Distributed training with multiple optimizers #10241
-
Hi, I have a model with multiple models inside the object (similar to a GAN) except that i want to use a single loss function with multiple optimizers. I am disabling automatic_optimization using the automatic_optimization flag. The code has been implemented and it works for a single GPU configuration. In order to accelerate the training process, i need to use DDP and across 3 GPU devices (1 node, multiple devices). The distributed training succeeds but i am not sure if it is working the way it is supposed to. Is there a way to figure out things? My psuedo code is something like below, cant share the full code due to NDAs: My query is, for distributed training with multiple optimizers, will the above code work in the INTENDED way? What should training_step_end function contain then? and how does multiple optimizers update across different devices? Thank you EDIT by @akihironitta provided scriptimport <standard imports>
class some_model1(nn.Module):
def __init__(self):
some layers
def forward(self, x, labels):
some calcuation on x and labels
return feat1
class some_model2(nn.Module):
def __init__(self):
some layers
def forward(self, x, labels):
some calcuation on x and labels
return feat2
class some_model3(nn.Module):
def __init__(self):
some layers
def forward(self, x, labels):
some calcuation on x and labels
return feat3
class some_model4(nn.Module):
def __init__(self):
some layers
def forward(self, x, labels):
some calcuation on x and labels
return loss
class Model(pl.LightningModule):
def __init__(self):
super(Model, self).__init__()
self.model1 = some_model1()
self.model2 = some_model2()
self.model3 = some_model3()
self.sub_model = some_model4()
self.common = nn.Sequential(some_layers)
self.sofmax_layer = nn.Softmax(dim=-1)
self.automatic_optimization=False
def forward(self, input_dict, output_dict, *args, **kwargs):
data1, data2, data3 = input_dict['data1'], input_dict['data2'],input_dict['data3']

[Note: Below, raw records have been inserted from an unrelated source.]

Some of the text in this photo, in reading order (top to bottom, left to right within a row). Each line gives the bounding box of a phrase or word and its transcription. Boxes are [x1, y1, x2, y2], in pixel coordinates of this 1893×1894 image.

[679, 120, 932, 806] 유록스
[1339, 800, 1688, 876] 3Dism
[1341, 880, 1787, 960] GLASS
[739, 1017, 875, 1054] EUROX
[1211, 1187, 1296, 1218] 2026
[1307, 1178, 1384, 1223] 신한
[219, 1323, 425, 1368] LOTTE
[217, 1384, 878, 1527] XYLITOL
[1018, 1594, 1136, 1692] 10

feat1 = self.model1(data1)
pred1 = self.common(feat1)
feat2 = self.model2(data2)
pred3 = self.common(feat2)
feat3 = self.model3(data3)
pred3 = self.common(feat3)
combined_metrics2 = some metric_calculation based on output_dict
return {'combined_metrics1':combined_metrics1, 'combined_metrics2':combined_metrics2}
def training_step(self, batch, batch_idx, *args, **kwargs):
input_dict, output_dict = batch
self.optimizers()[0].zero_grad()
self.optimizers()[1].zero_grad()
combined_metrics1, combined_metrics2 = self.forward(input_dict, output_dict)

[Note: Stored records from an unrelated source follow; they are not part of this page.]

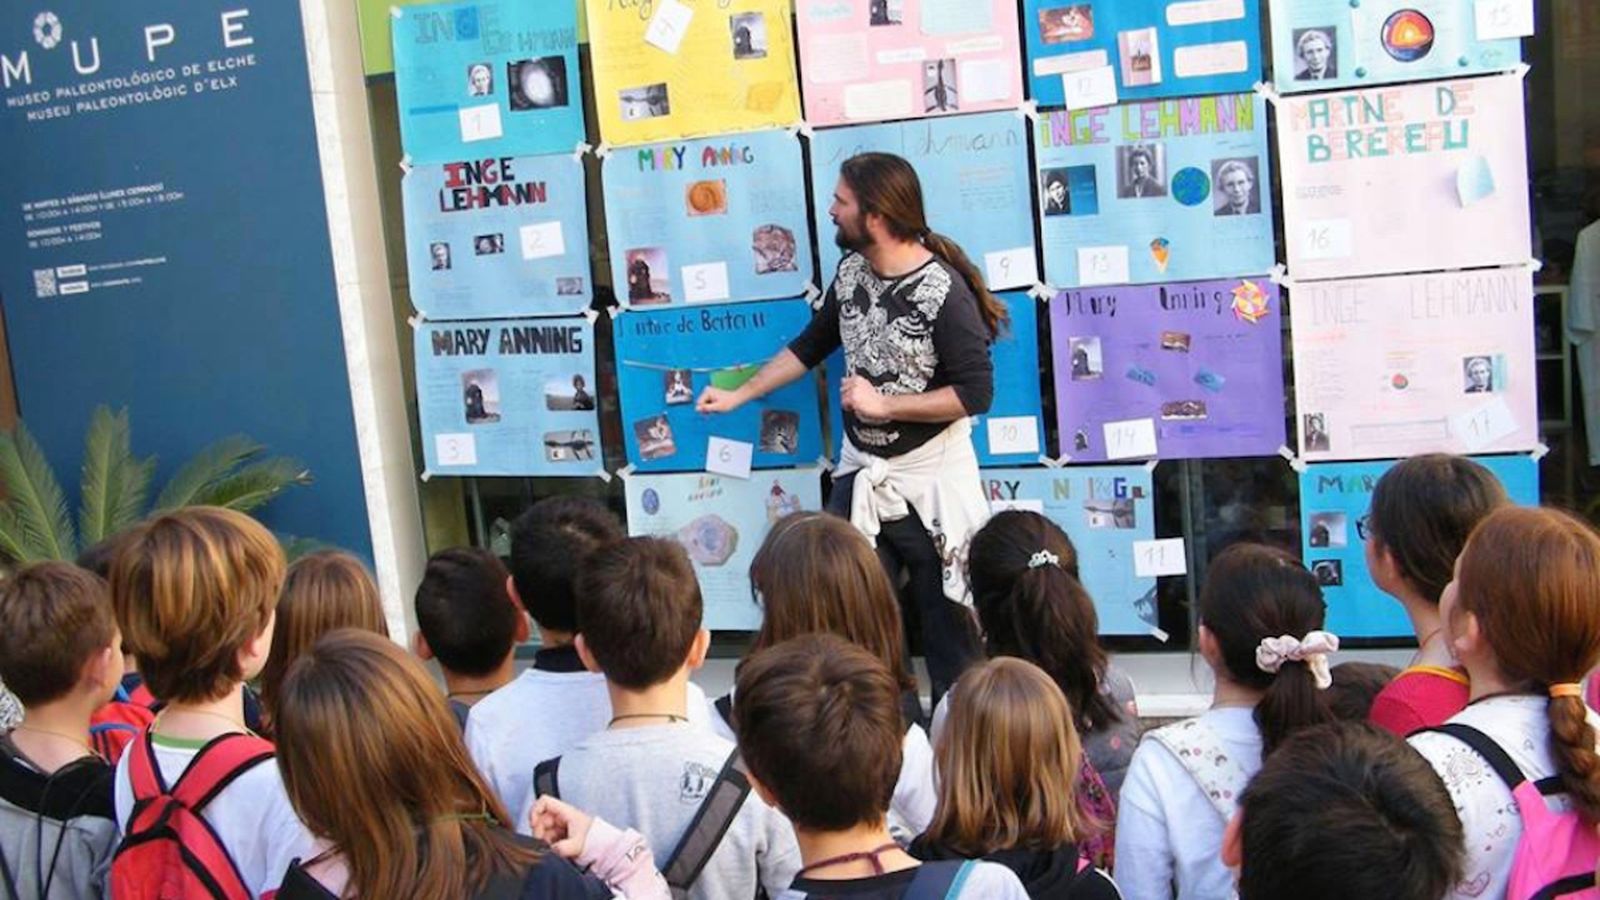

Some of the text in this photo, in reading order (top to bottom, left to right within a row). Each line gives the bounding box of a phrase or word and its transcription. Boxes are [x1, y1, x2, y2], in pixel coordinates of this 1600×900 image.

[7, 54, 256, 107] MUSEO PALEONTOLÓGICO DE ELCHE
[27, 105, 71, 121] MUSEU
[1437, 83, 1475, 117] DE
[1122, 95, 1254, 141] LEHMANN
[443, 157, 515, 189] INGE
[440, 181, 547, 213] LEHMANN
[999, 256, 1010, 279] 9
[1410, 275, 1519, 321] LEHMANN
[431, 326, 583, 357] MARY ANNING
[445, 438, 460, 461] 3
[719, 443, 732, 463] 6
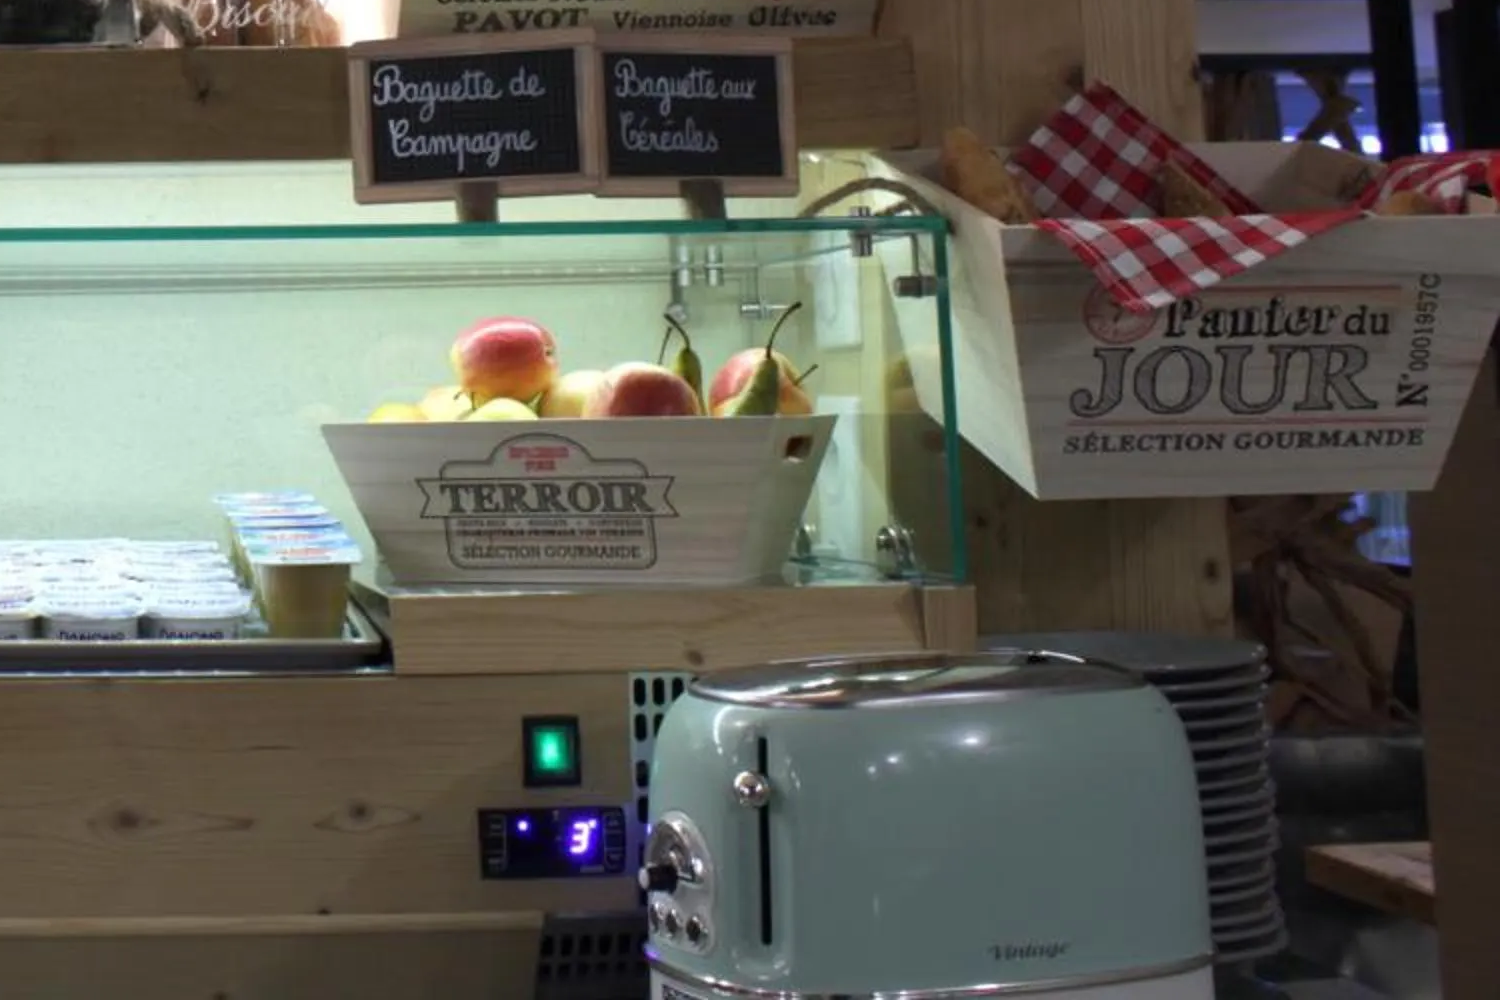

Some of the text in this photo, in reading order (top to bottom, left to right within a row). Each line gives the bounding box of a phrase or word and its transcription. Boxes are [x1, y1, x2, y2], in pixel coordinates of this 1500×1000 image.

final_loss = some_loss_fn(combined_metrics1, combined_metrics2, output_dict)
self.optimizers()[0].zero_grad()
self.optimizers()[1].zero_grad()
self.manual_backward(final_loss)
self.optimizers()[0].step()
self.optimizers()[1].step()
return combined_metrics1, combined_metrics2
def training_step_end(self, outputs):
return ??
def configure_optimizers(self):
normal_params = list(self.model1.parameters()) + list(self.model2.parameters()) + list(self.model3.parameters())
self.normal_opt = optim.Adam(
normal_params,
lr = 0.001
)
self.opt2 = optim.Adam(
self.sub_model.parameters(),
lr= 0.001
)
return self.normal_opt, self.opt2
if __name__ == '__main__':
from xyz import TrainDataloader
from xyz import TestDataloader
train_set = TrainDataloader(params, partition='train')
test_set = TestDataloader(params, partition='test')
data_loader_loader = torch.utils.data.DataLoader(train_set, batch_size=16, shuffle=True,num_workers=1)
data_loader_test = torch.utils.data.DataLoader(test_set, batch_size=1, shuffle=True,num_workers=1)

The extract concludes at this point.